Câmara aprova texto-base com regras para comitê gestor da reforma tributária

Texto passa com ampla maioria e segue para votação de destaques antes da sanção presidencial

A Câmara dos Deputados aprovou nesta segunda-feira (15) o texto-base da segunda etapa da regulamentação da reforma tributária, que define as regras de funcionamento do comitê gestor do Imposto sobre Bens e Serviços (IBS). A proposta recebeu 330 votos favoráveis e 104 contrários, encerrando uma das fases mais sensíveis da transição para o novo modelo de tributação do consumo no país.

Com a aprovação do texto-base, os deputados ainda precisam analisar, nesta terça-feira (16), os destaques apresentados ao projeto, que são sugestões de alteração pontual no conteúdo aprovado. Concluída essa etapa, o texto será encaminhado para sanção do presidente Luiz Inácio Lula da Silva.

Retorno do texto após mudanças no Senado

A proposta já havia sido aprovada anteriormente pela Câmara, mas retornou para nova deliberação após sofrer alterações no Senado. Coube ao relator na Casa, deputado Mauro Benevides (PDT-CE), decidir quais mudanças seriam incorporadas ao texto final e quais seriam rejeitadas.

Benevides optou por acatar parte das modificações feitas pelos senadores, preservando o núcleo do projeto aprovado inicialmente pelos deputados, mas mantendo ajustes considerados essenciais para o funcionamento do novo sistema tributário.

Função estratégica do comitê gestor

O comitê gestor do IBS terá papel central na implementação da reforma tributária. O órgão será responsável por conduzir a transição do atual modelo, baseado em tributos como ICMS e ISS, para o novo imposto unificado sobre o consumo, cuja cobrança plena está prevista para 2033.

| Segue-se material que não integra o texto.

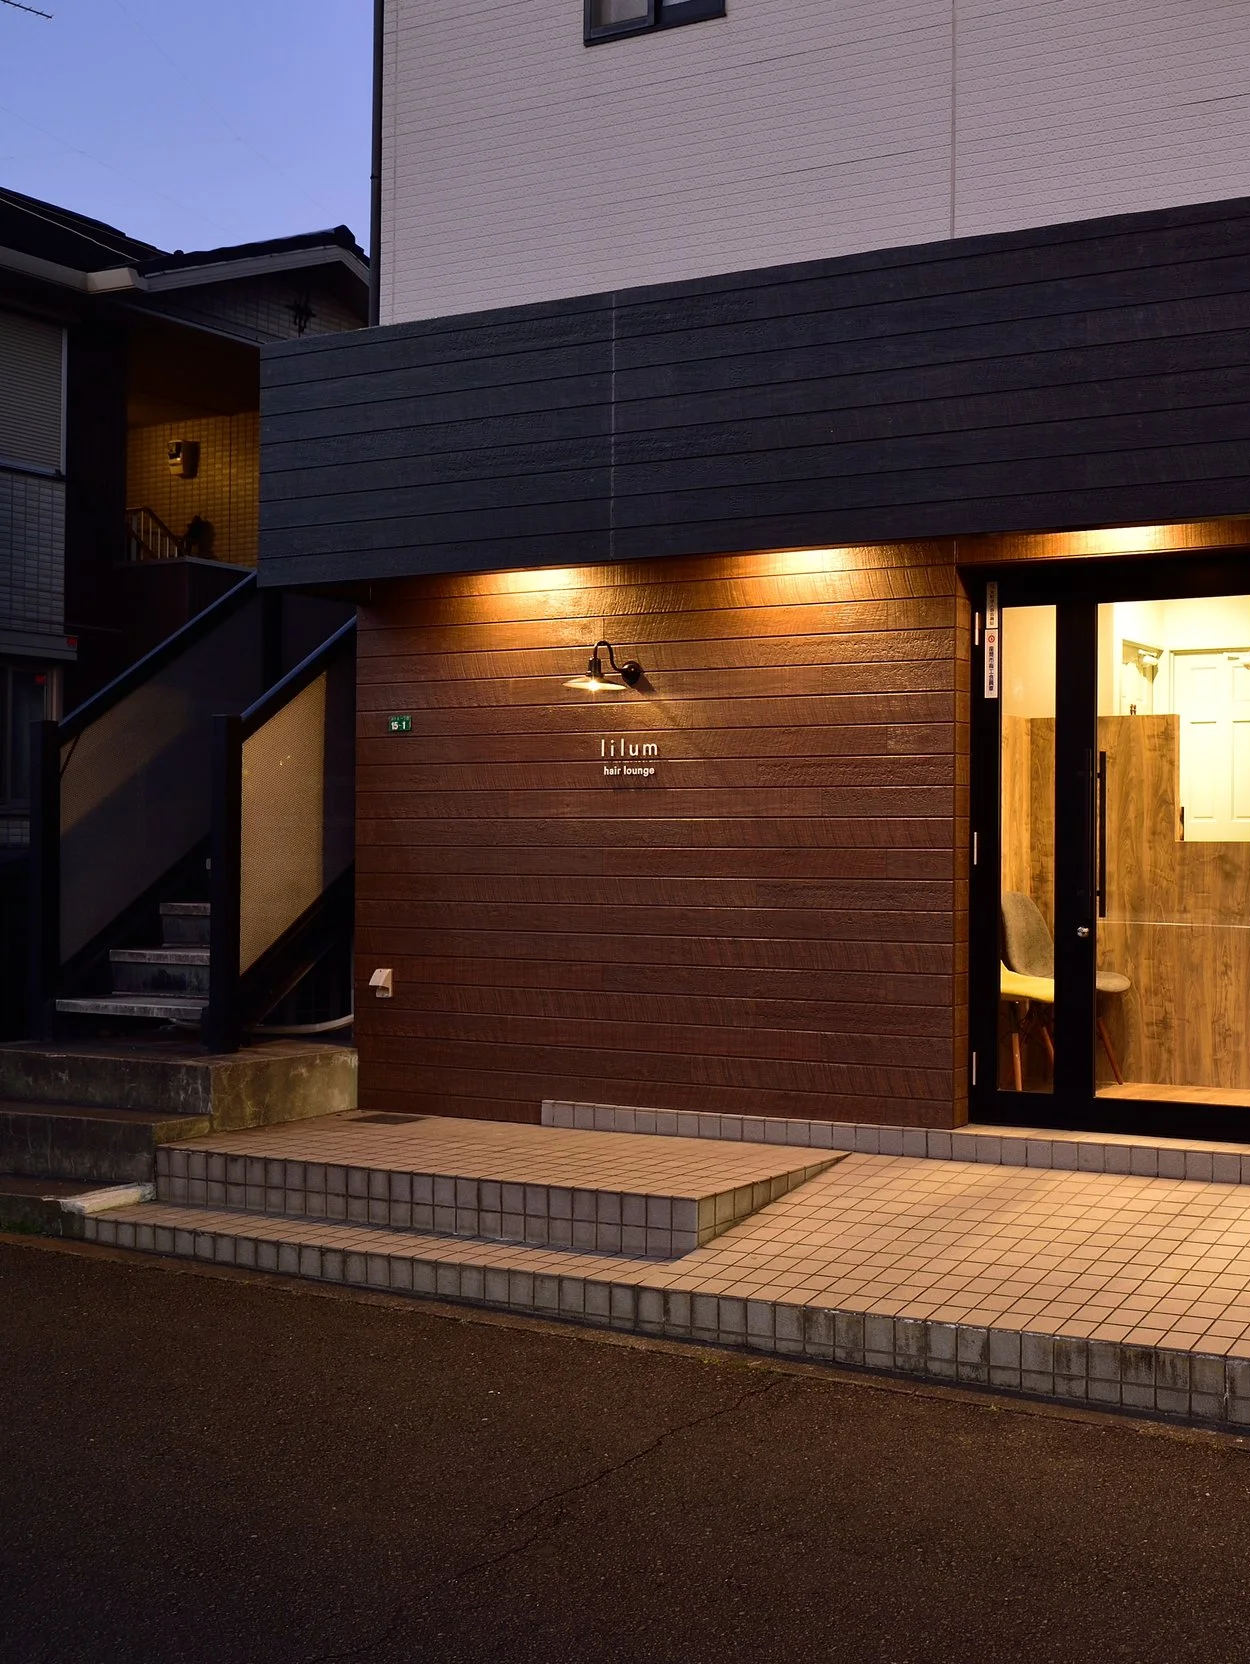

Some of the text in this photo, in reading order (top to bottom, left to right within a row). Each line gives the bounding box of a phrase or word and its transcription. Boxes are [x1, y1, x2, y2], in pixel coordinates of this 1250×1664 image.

[600, 738, 658, 756] lilum
[603, 765, 655, 777] hair lounge
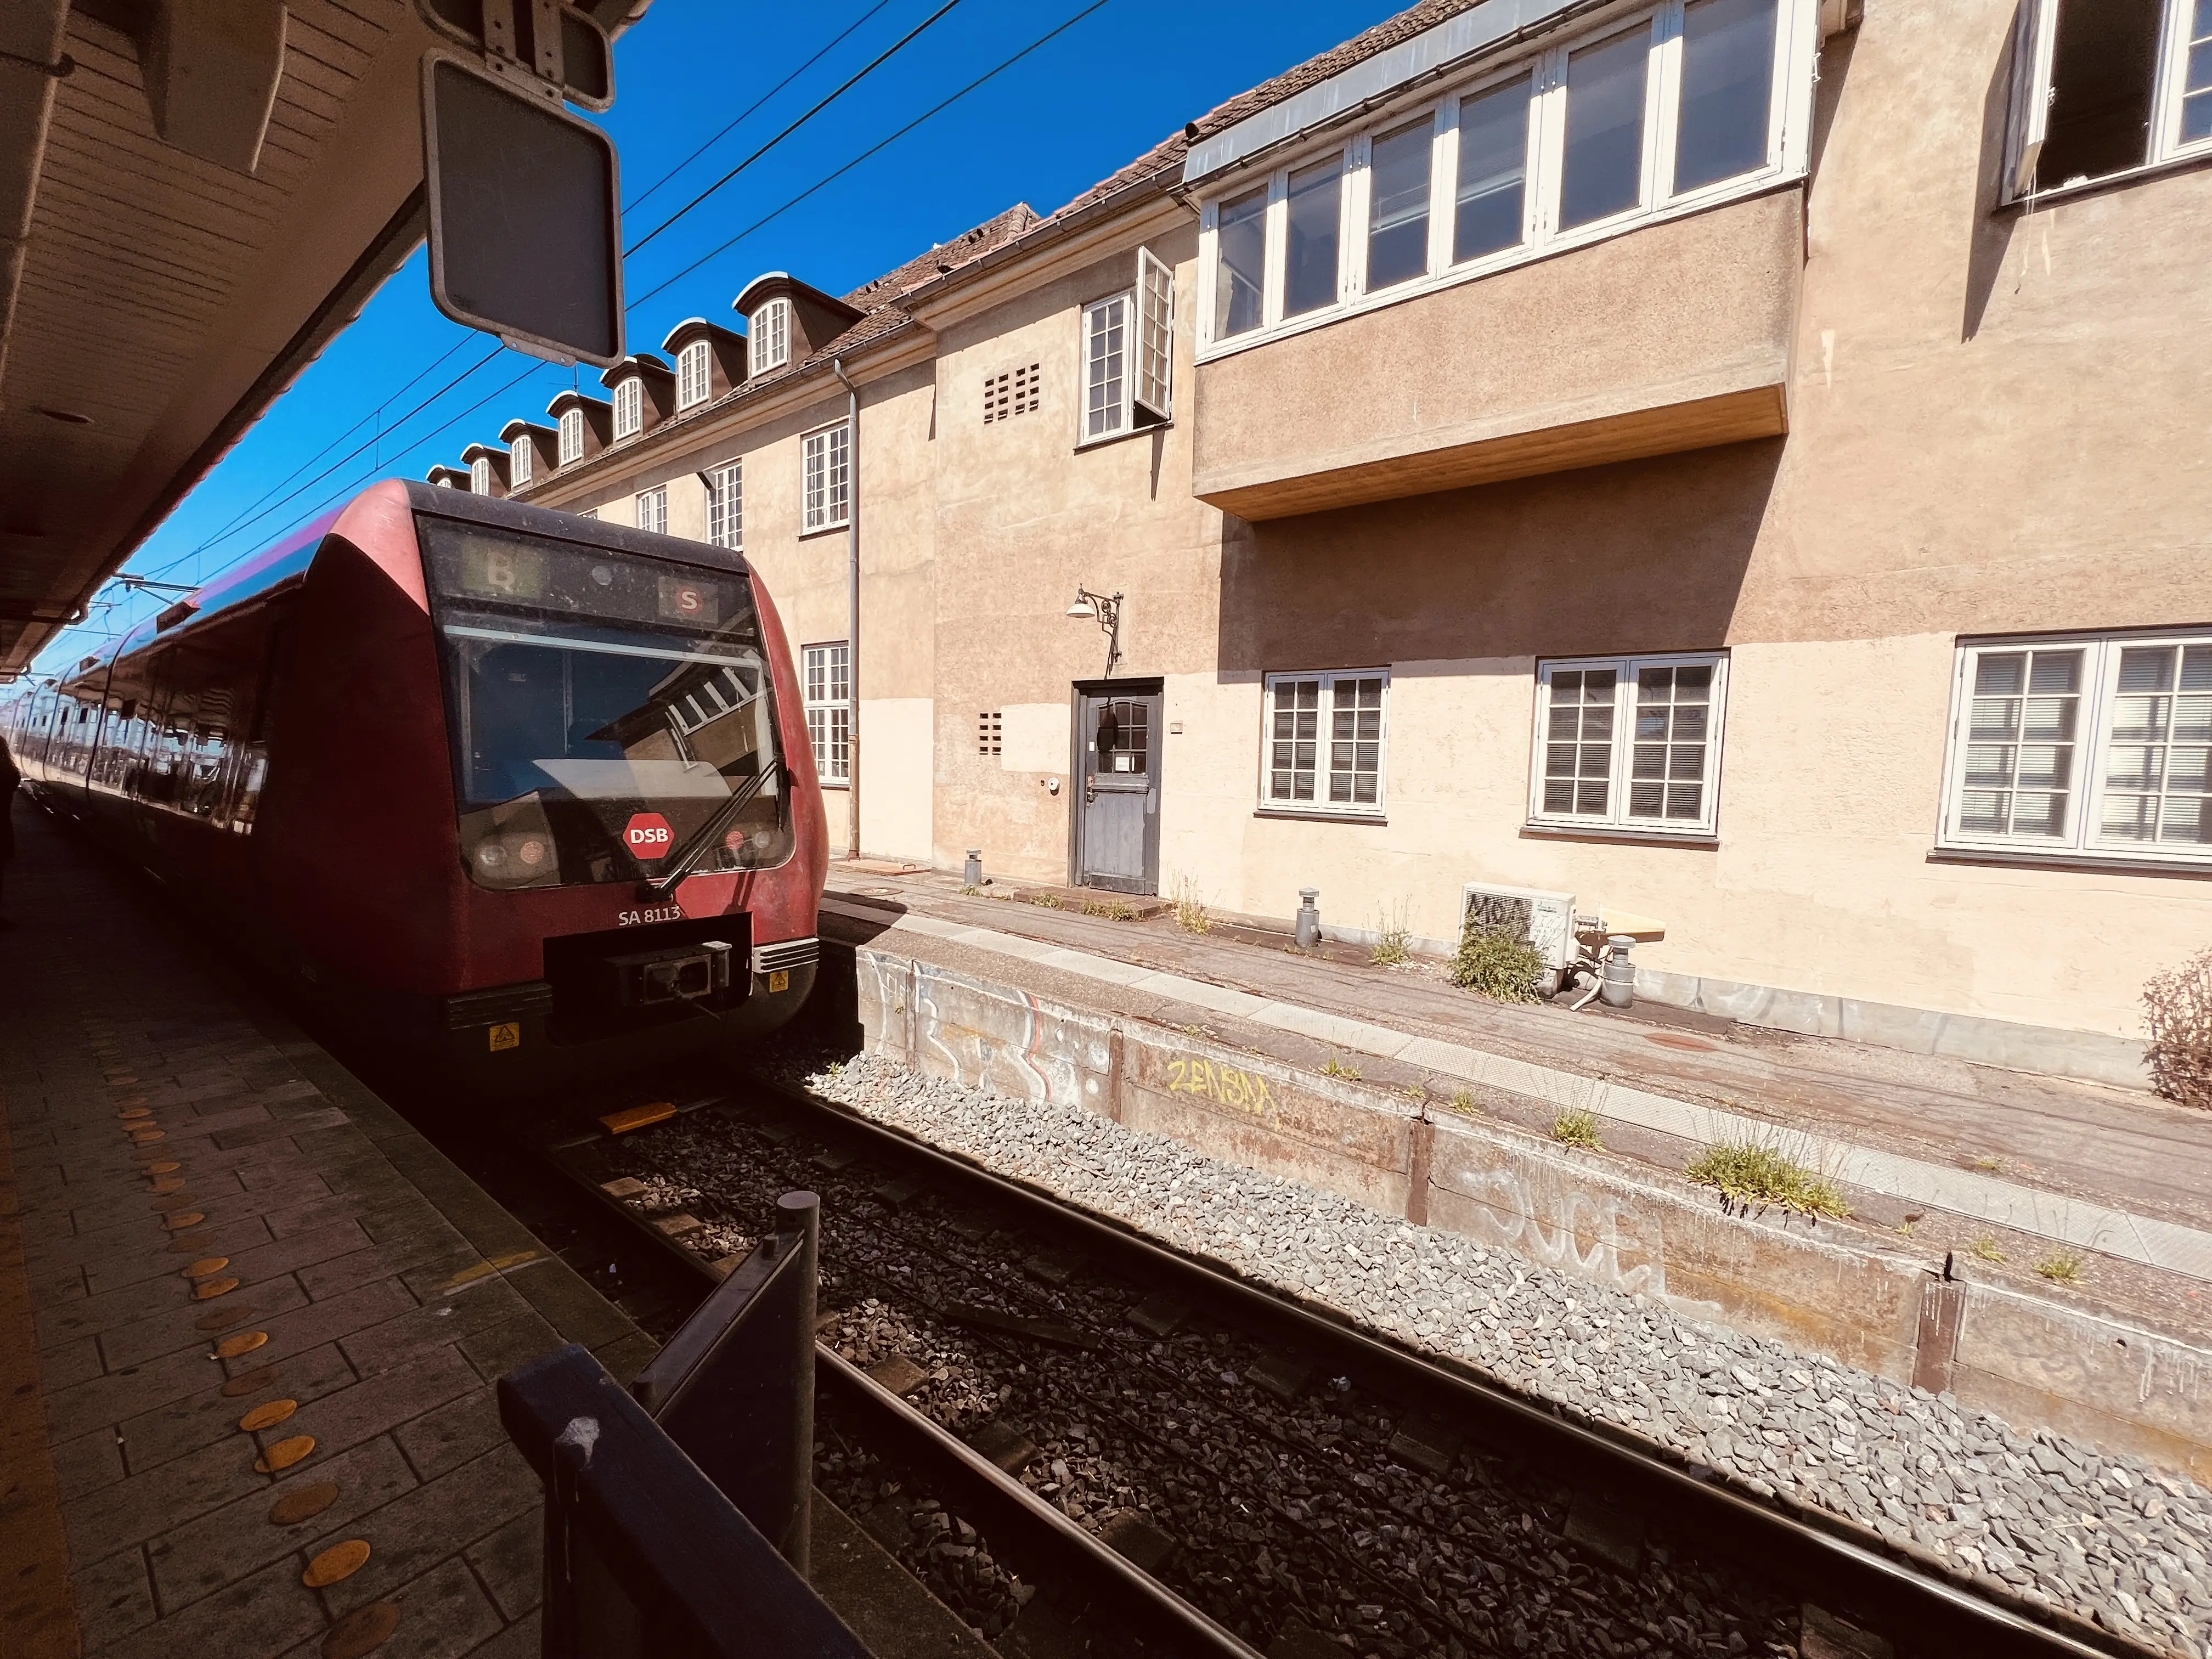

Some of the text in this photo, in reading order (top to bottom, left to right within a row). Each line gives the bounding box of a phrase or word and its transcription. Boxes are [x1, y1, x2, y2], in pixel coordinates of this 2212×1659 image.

[488, 550, 515, 588] B
[682, 591, 697, 610] S
[630, 827, 669, 844] DSB
[618, 905, 681, 926] SA 8113

Além de coordenar essa transição, o comitê deverá elaborar mecanismos para evitar perdas abruptas de arrecadação por parte de estados e municípios, especialmente nos primeiros anos do novo sistema. A ideia é reduzir assimetrias regionais e garantir maior previsibilidade fiscal durante o período de adaptação.

Principais competências do colegiado

Entre as atribuições do comitê gestor estão a padronização de procedimentos e a coordenação entre diferentes esferas da administração tributária. O texto aprovado estabelece, entre outras funções, a responsabilidade de disciplinar a aplicação uniforme de regimes especiais de fiscalização e de atuar em conjunto com a Secretaria Especial da Receita Federal do Brasil na gestão compartilhada dos sistemas de fiscalização do IBS e da Contribuição sobre Bens e Serviços (CBS).

O órgão também deverá atuar junto ao Poder Executivo federal para harmonizar normas, interpretações, obrigações acessórias e procedimentos relacionados às regras comuns aplicáveis aos dois tributos.

Câmara nacional para resolver conflitos tributários

Uma das principais mudanças aprovadas pelo Senado e mantidas pelo relator na Câmara foi a criação da Câmara Nacional de Integração do Contencioso Administrativo do IBS e da CBS. Esse colegiado será responsável por analisar e uniformizar entendimentos em casos de divergência jurisprudencial entre os dois tributos.

A proposta partiu do relator no Senado, Eduardo Braga (MDB-AM), que apontou a necessidade de um mecanismo específico para lidar com conflitos, já que a CBS, por ser um tributo federal, terá seus processos administrativos julgados pelo Conselho Administrativo de Recursos Fiscais (Carf).

Alterações rejeitadas e retomada do texto original

Entre as mudanças rejeitadas por Mauro Benevides está a proposta do Senado que estabelecia um teto de 2% para a cobrança do imposto do pecado sobre bebidas açucaradas. Com isso, prevaleceu a redação original da Câmara.

Os deputados também retomaram o texto que define que a cobrança e a representação administrativa dos tributos serão exercidas exclusivamente por servidores efetivos integrantes das carreiras das administrações tributárias dos estados, do Distrito Federal e dos municípios. O Senado havia sugerido uma formulação diferente, substituindo o termo servidores efetivos por autoridades fiscais.

Pontos centrais do projeto aprovado

Em linhas gerais, o texto aprovado define como será feita a divisão da arrecadação do IBS entre estados e municípios, substituindo os atuais ICMS e ISS. O novo imposto será administrado por um comitê gestor formado por 54 conselheiros.

O projeto também estabelece a transição da cobrança do imposto do pecado sobre bebidas açucaradas entre 2029 e 2033, período que já havia sido previsto para cigarros e bebidas alcoólicas. Além disso, o texto determina que o imposto sobre herança e doações não incidirá sobre valores herdados de previdência privada complementar, seguros e pecúlio.